Por anos, Dora era como Iauaretê. Falava com voz de bicho, sem ser compreendida. Todavia, chegou o dia em que ela deixou de tartamudear como Augusto Matraga e gritou alto demais em seu silêncio. Todo o grito veio depois que Dora leu na obra de Guimarães Rosa, que o silêncio era a gente demais e depois de ler que quem quiser atravessar um rio a nado não pode ficar tão entretido na ideia dos lugares de saída e de chegada.
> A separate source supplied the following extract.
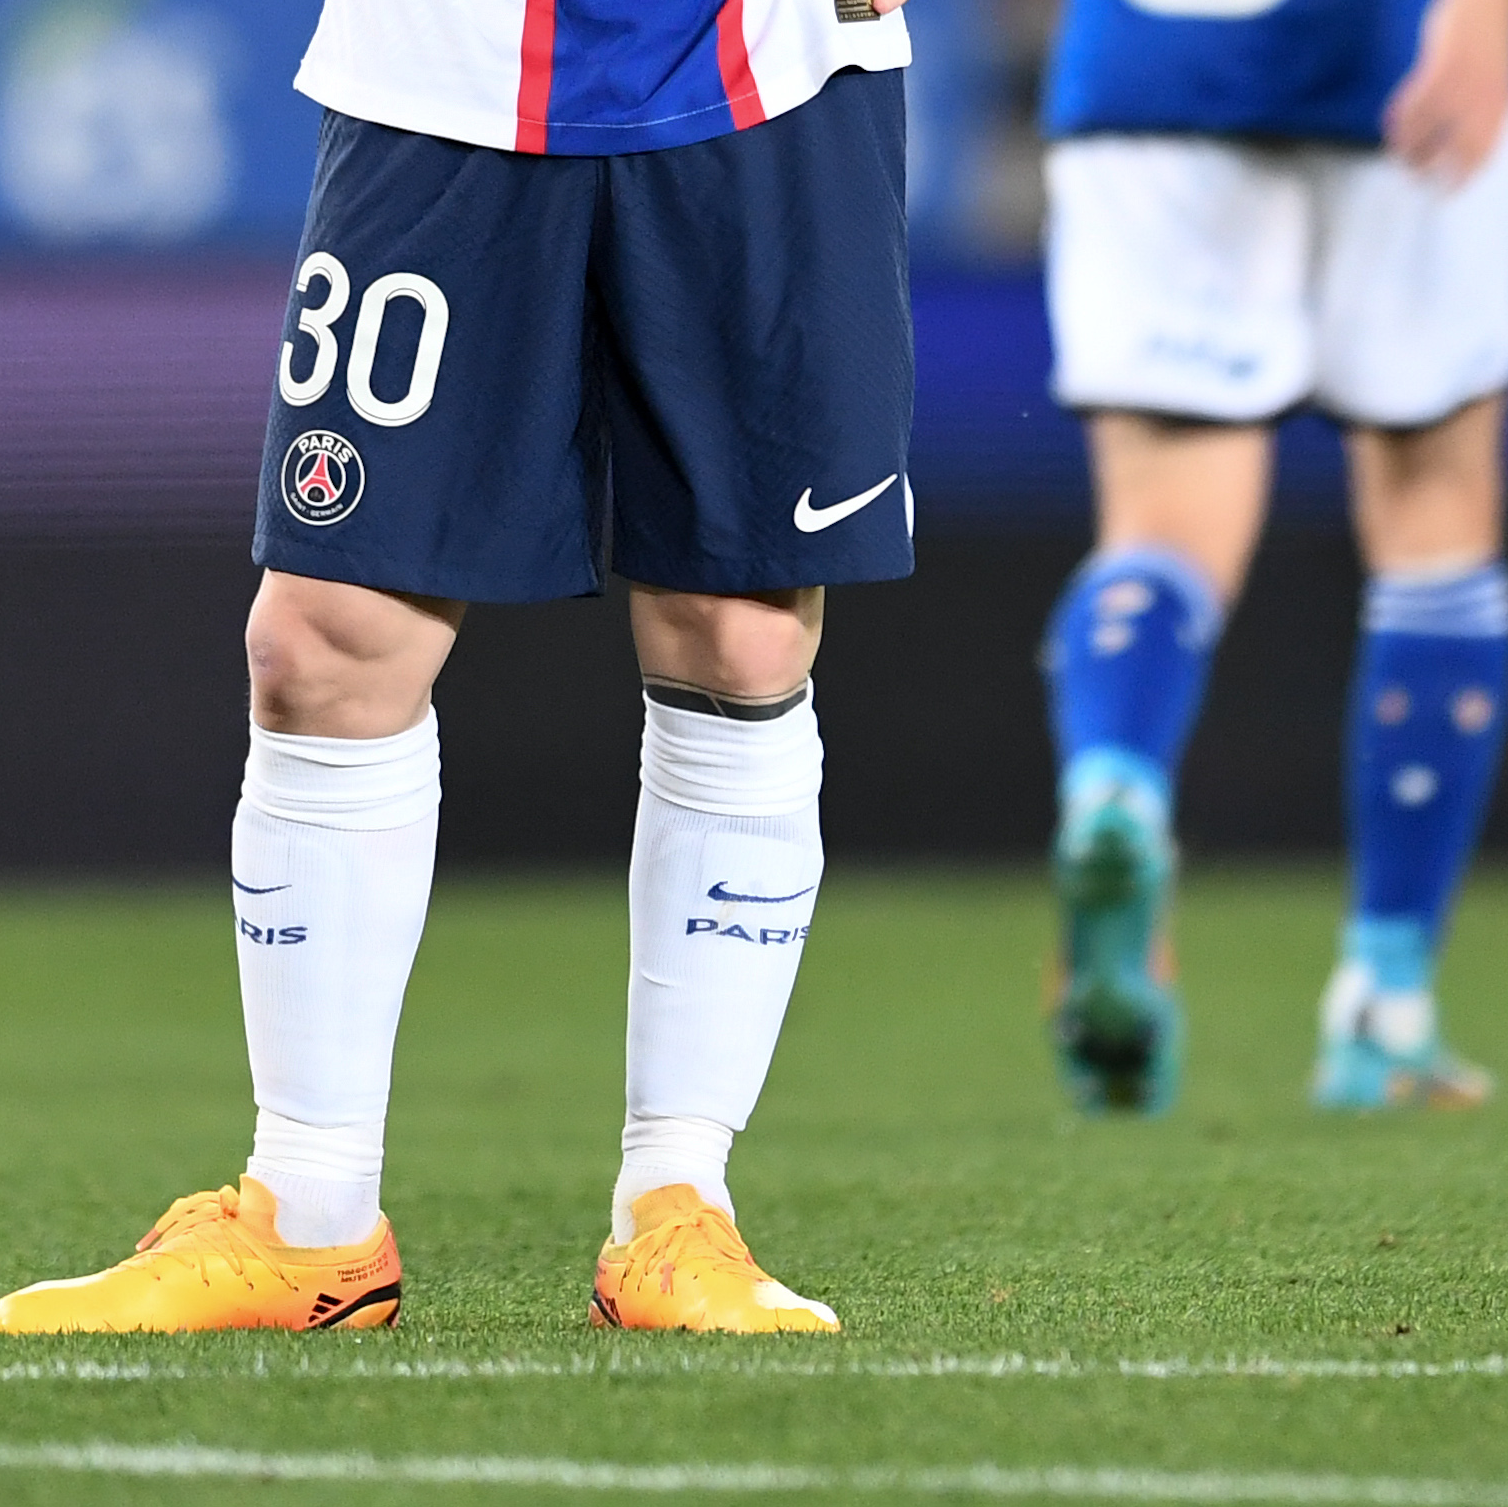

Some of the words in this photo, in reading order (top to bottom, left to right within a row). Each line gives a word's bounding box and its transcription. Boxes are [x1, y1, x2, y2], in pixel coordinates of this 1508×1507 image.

[279, 251, 450, 428] 30
[297, 435, 353, 465] PARIS
[236, 916, 309, 946] RIS
[685, 917, 811, 946] PARIS
Quem quiser atravessar um rio deve pensar que “num ponto mais embaixo, bem diverso do que em primeiro se pensou (...) o real não está na saída nem na chegada: ele se dispõe para a gente é no meio da travessia...”.
Sem medo das constantes ameaças, requereu o divórcio em litígio (o que a igreja condena) e sentiu que a sua liberdade só teria valor se fosse muito mais digna que outra mulher. Sem ter para onde ir, ainda assim, Dora saiu com seus livros: a única herança além dos mares navegados. Sentiu-se quase um Quixote de La Mancha.
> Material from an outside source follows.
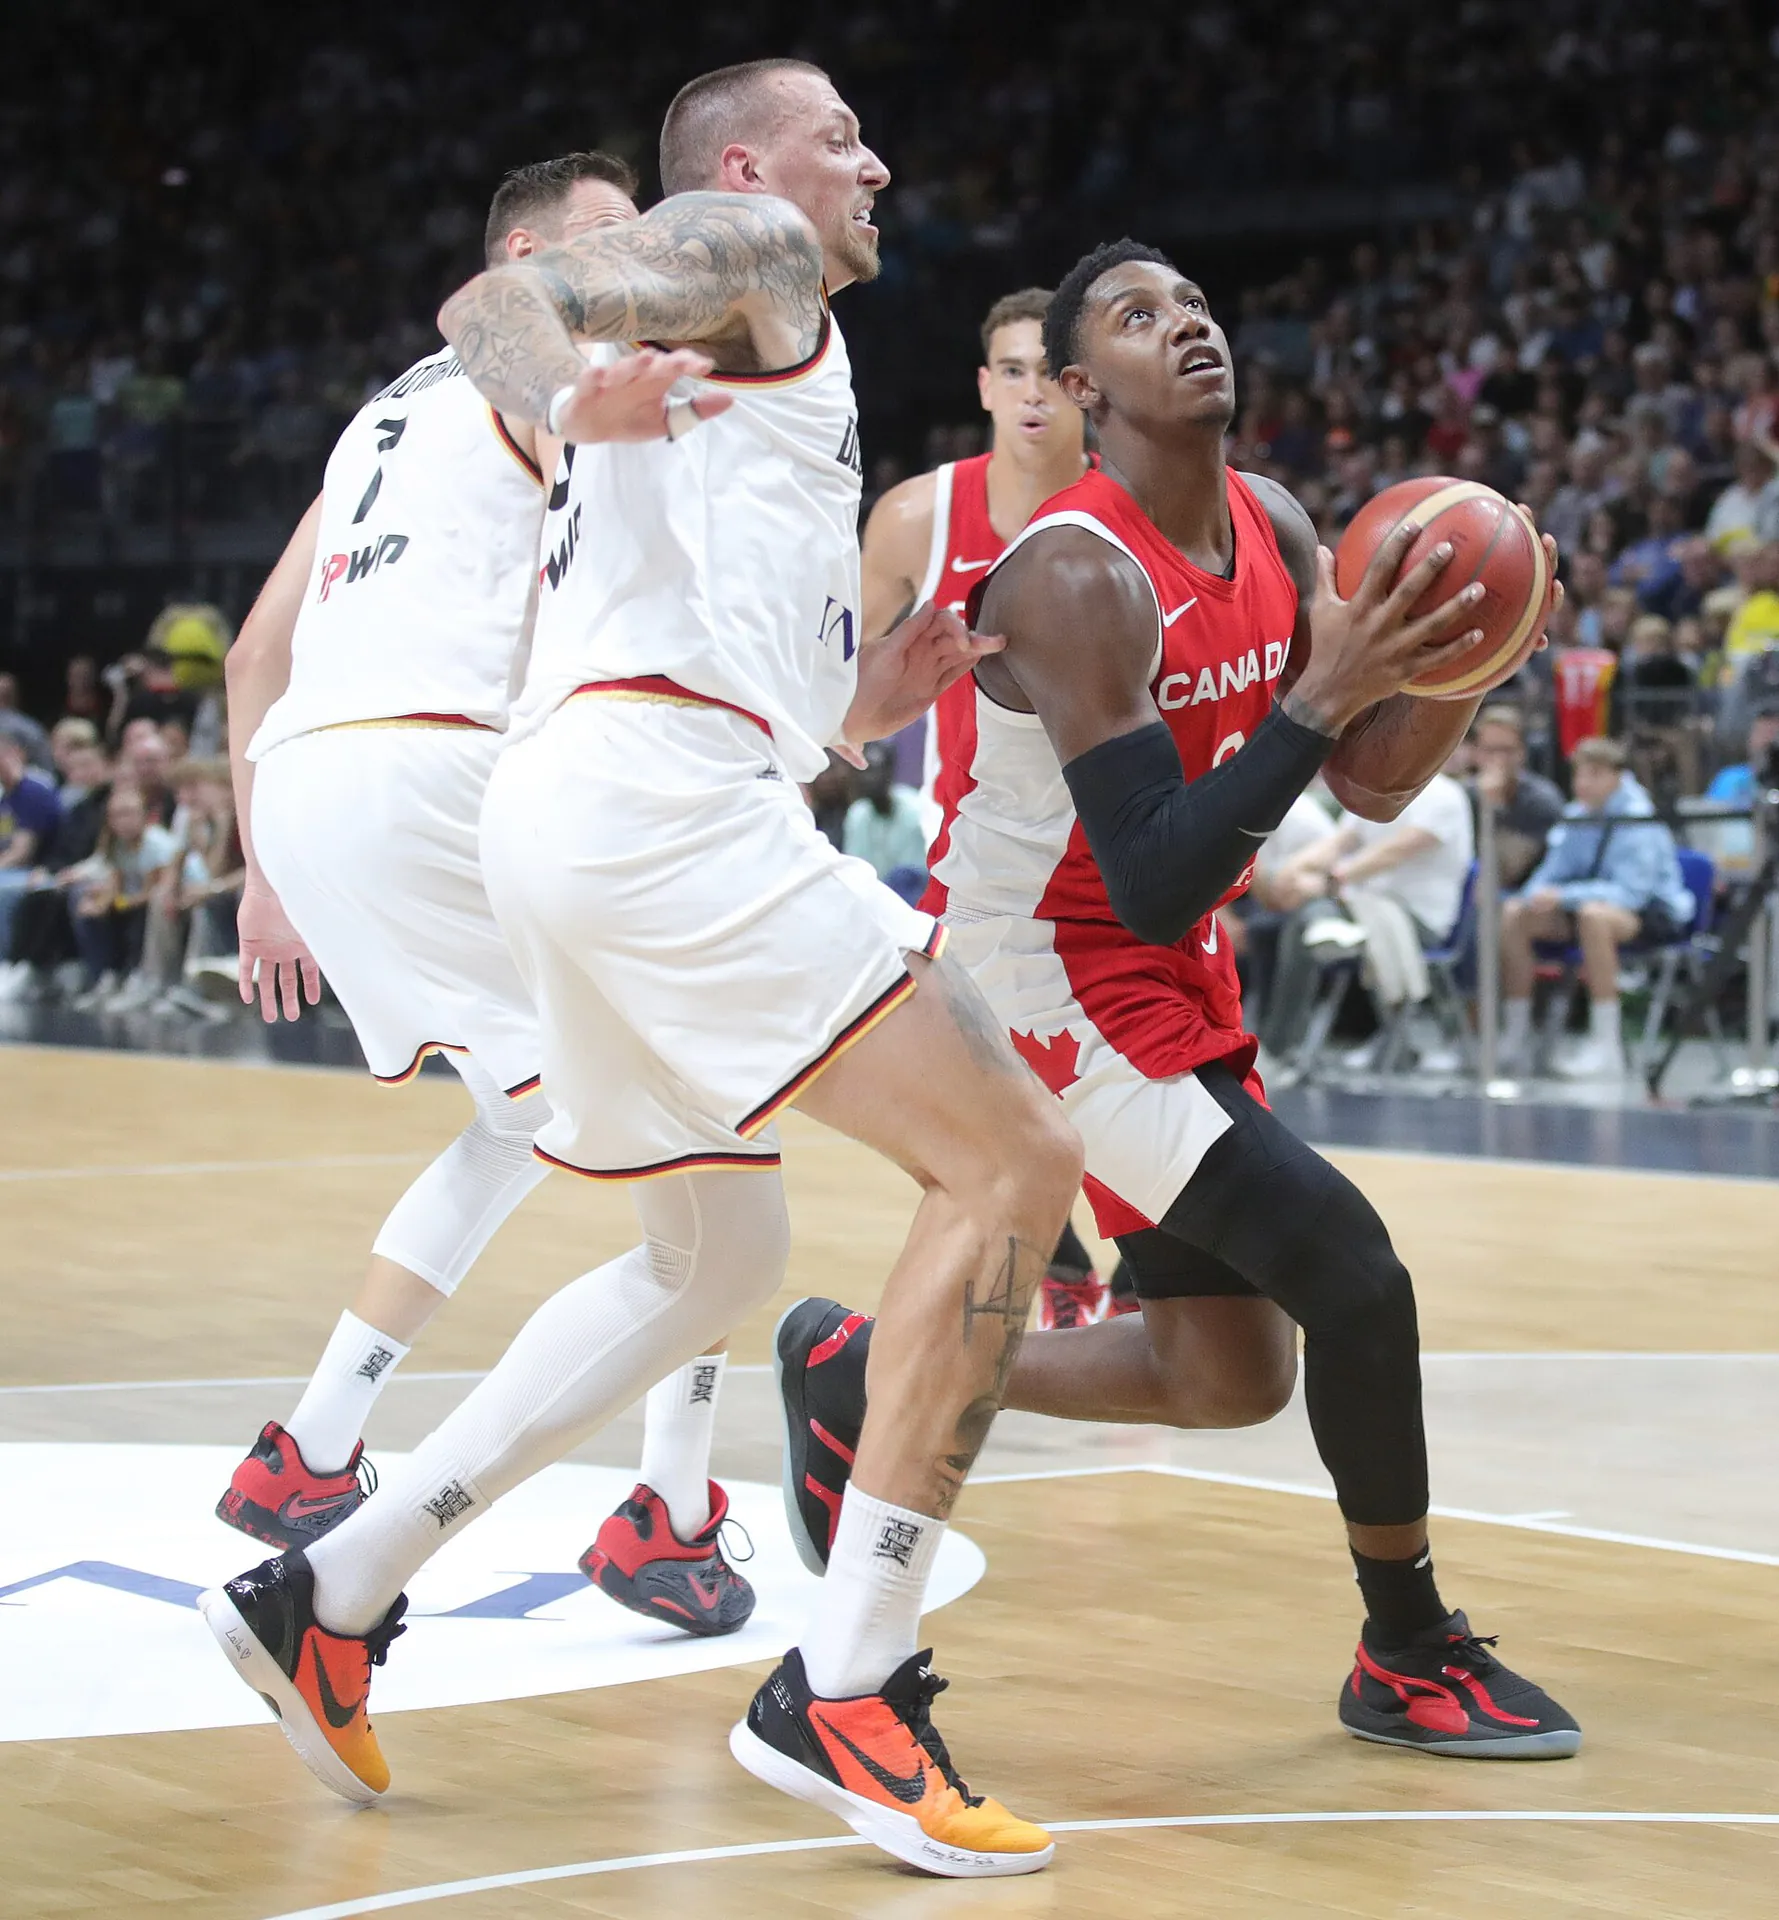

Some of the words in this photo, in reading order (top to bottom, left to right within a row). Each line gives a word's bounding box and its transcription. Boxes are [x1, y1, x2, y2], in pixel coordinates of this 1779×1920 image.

[352, 413, 408, 525] 7
[422, 1479, 476, 1530] PEAK
[873, 1515, 923, 1568] PEAK
Dora tornou-se a mulher que passa, canta feliz porque é professora e pode ser uma poetisa livre, escrever versos de todas as cores e fazer dedicatórias sem pedir nada em troca, porque amor foge a dicionários e imposições. Amor é estado de graça. E, se é estado de graça, é divino e é humano. E se o amor é divino e humano, é o mesmo amor do menino Jesus que acompanhava o poeta Alberto Caeiro quando guardava rebanhos.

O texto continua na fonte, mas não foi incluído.